Stored items:

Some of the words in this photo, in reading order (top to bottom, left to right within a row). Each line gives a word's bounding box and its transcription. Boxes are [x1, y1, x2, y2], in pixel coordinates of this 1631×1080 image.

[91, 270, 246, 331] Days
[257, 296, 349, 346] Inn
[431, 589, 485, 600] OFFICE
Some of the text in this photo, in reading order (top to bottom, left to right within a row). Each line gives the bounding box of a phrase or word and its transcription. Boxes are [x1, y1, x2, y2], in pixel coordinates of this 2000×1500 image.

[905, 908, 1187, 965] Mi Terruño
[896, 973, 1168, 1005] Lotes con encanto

Exercise prompt:
The lines to return run from the one containing "Some of the text" through the last line of the records above. Give them exactly and include nothing more.

Result below:
Some of the text in this photo, in reading order (top to bottom, left to right within a row). Each line gives the bounding box of a phrase or word and its transcription. Boxes are [x1, y1, x2, y2], in pixel coordinates of this 2000×1500 image.

[905, 908, 1187, 965] Mi Terruño
[896, 973, 1168, 1005] Lotes con encanto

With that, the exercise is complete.